ASSIGNMENT =
Write out every entry exactly; the pictures do not belong in the copy.

Records from a collection =
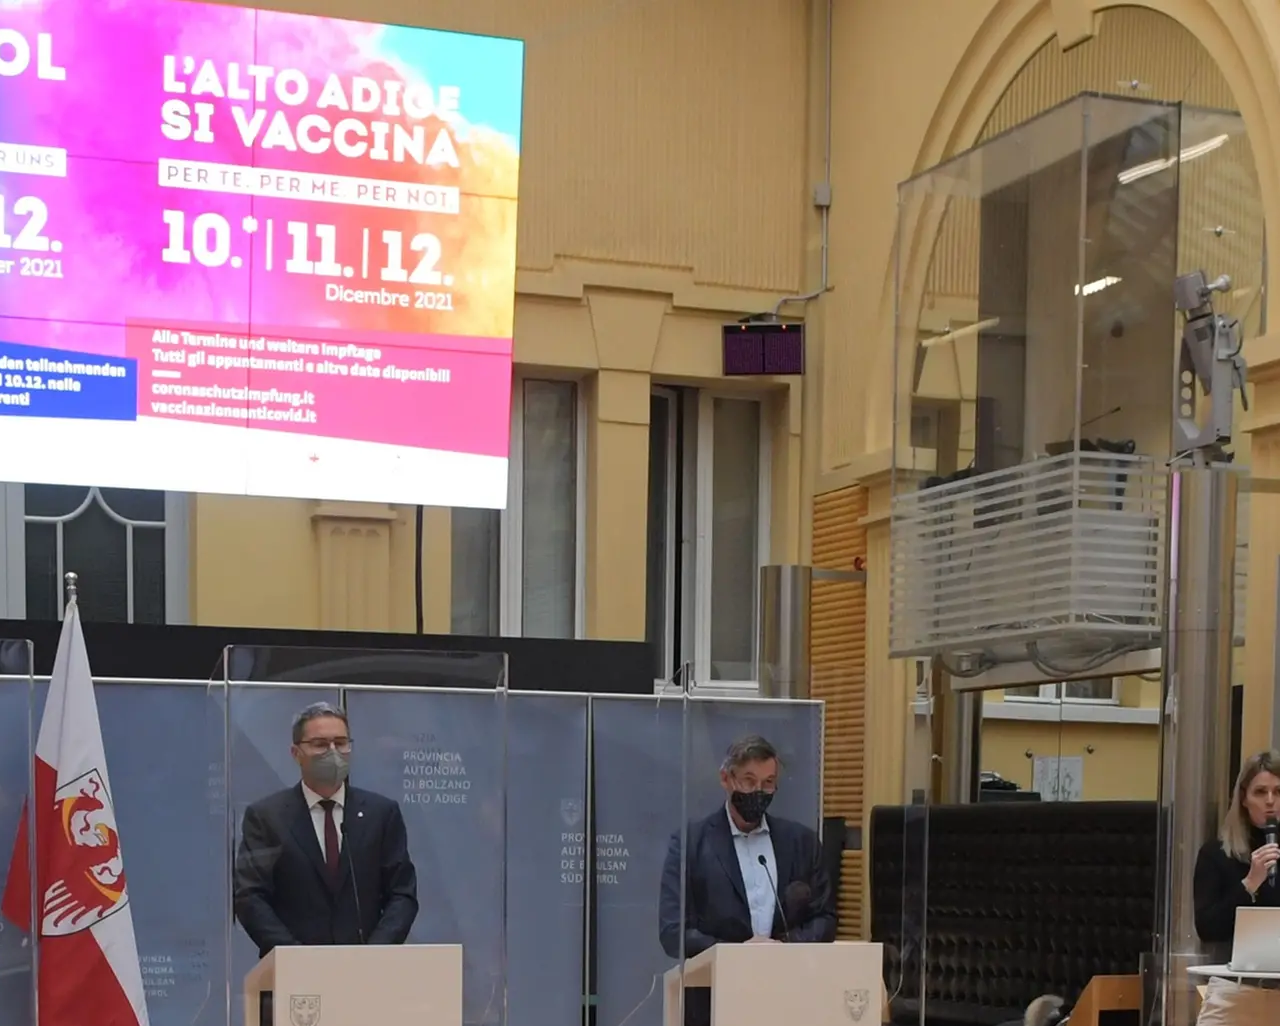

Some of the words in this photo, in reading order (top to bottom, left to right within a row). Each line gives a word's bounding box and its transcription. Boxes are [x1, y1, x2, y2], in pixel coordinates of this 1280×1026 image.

[317, 73, 461, 121] ADIGE
[161, 99, 214, 143] SI
[231, 106, 460, 168] VACCINA
[167, 165, 209, 184] PER
[259, 174, 301, 193] PER
[357, 184, 396, 202] PER
[285, 221, 354, 278] 11.
[381, 229, 454, 286] 12.
[20, 256, 64, 278] 2021
[325, 284, 409, 307] Dicembre
[414, 292, 453, 311] 2021
[152, 329, 179, 344] Alle
[181, 331, 237, 349] Termine
[239, 337, 264, 351] und
[267, 338, 319, 355] weitere
[25, 358, 126, 377] teilnehmenden
[152, 348, 185, 364] Tutti
[188, 351, 205, 367] gli
[207, 353, 304, 373] appuntamenti
[306, 361, 314, 372] e
[316, 360, 348, 375] altre
[350, 363, 380, 378] date
[383, 365, 451, 383] disponibili
[5, 375, 46, 389] 10.12.
[152, 382, 315, 407] coronaschutzimpfung.it
[151, 401, 317, 423] vaccinazioneanticovid.it
[403, 750, 462, 762] PROVINCIA
[403, 765, 466, 775] AUTONOMA
[403, 779, 415, 789] DI
[419, 780, 471, 789] BOLZANO
[403, 793, 431, 803] ALTO
[434, 794, 468, 804] ADIGE
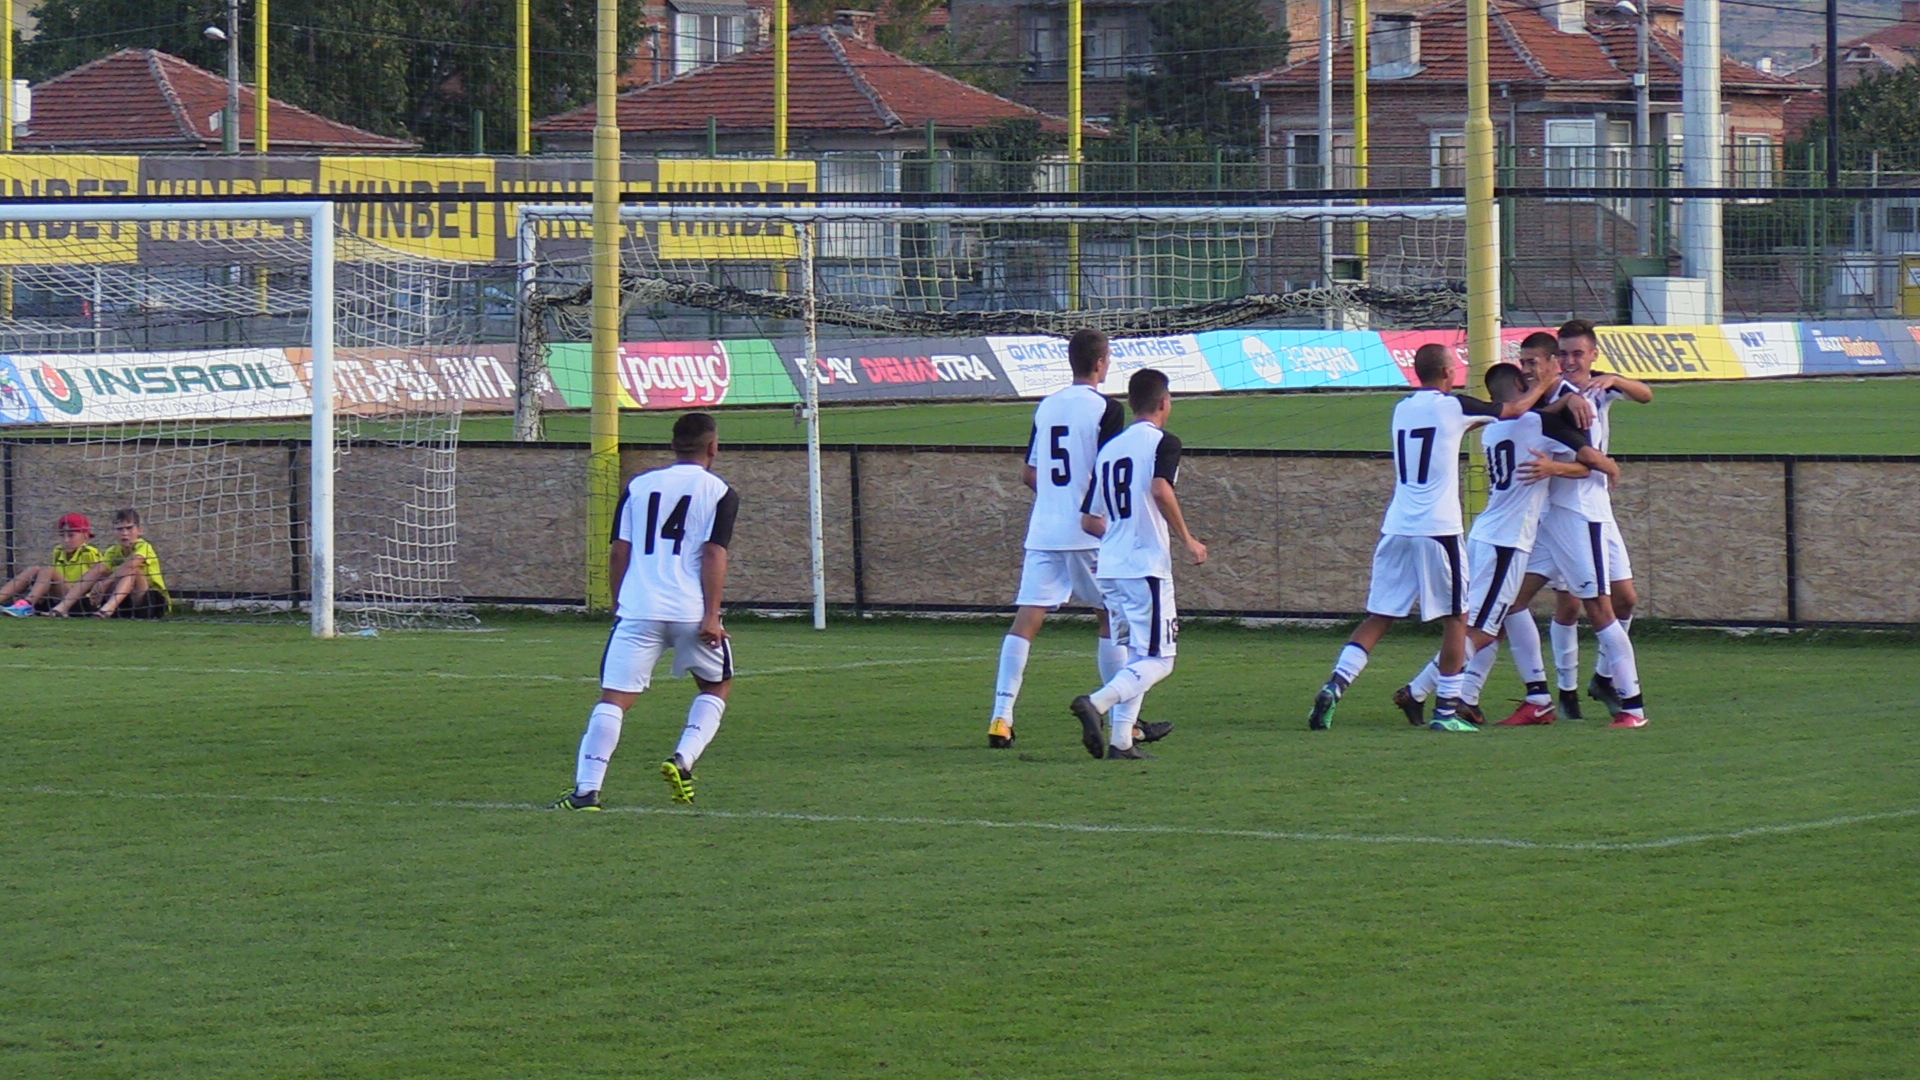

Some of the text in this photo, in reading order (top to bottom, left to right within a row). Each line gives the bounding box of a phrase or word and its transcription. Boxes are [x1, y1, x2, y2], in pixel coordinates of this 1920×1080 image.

SOLUTION FOR THIS TASK =
Some of the words in this photo, in reading order (top to bottom, left to right within a row). Each line gives a word's bounding box and its transcription. Boxes are [x1, y1, x2, y2], in pixel coordinates of this 1280×1026 image.

[317, 73, 461, 121] ADIGE
[161, 99, 214, 143] SI
[231, 106, 460, 168] VACCINA
[167, 165, 209, 184] PER
[259, 174, 301, 193] PER
[357, 184, 396, 202] PER
[285, 221, 354, 278] 11.
[381, 229, 454, 286] 12.
[20, 256, 64, 278] 2021
[325, 284, 409, 307] Dicembre
[414, 292, 453, 311] 2021
[152, 329, 179, 344] Alle
[181, 331, 237, 349] Termine
[239, 337, 264, 351] und
[267, 338, 319, 355] weitere
[25, 358, 126, 377] teilnehmenden
[152, 348, 185, 364] Tutti
[188, 351, 205, 367] gli
[207, 353, 304, 373] appuntamenti
[306, 361, 314, 372] e
[316, 360, 348, 375] altre
[350, 363, 380, 378] date
[383, 365, 451, 383] disponibili
[5, 375, 46, 389] 10.12.
[152, 382, 315, 407] coronaschutzimpfung.it
[151, 401, 317, 423] vaccinazioneanticovid.it
[403, 750, 462, 762] PROVINCIA
[403, 765, 466, 775] AUTONOMA
[403, 779, 415, 789] DI
[419, 780, 471, 789] BOLZANO
[403, 793, 431, 803] ALTO
[434, 794, 468, 804] ADIGE

Some of the text in this photo, in reading order (top to bottom, left to right within a row). Each line gives the bounding box of a phrase or word and its transcription. Boxes are [x1, y1, x2, y2], in pixel coordinates of this 1920×1080 image.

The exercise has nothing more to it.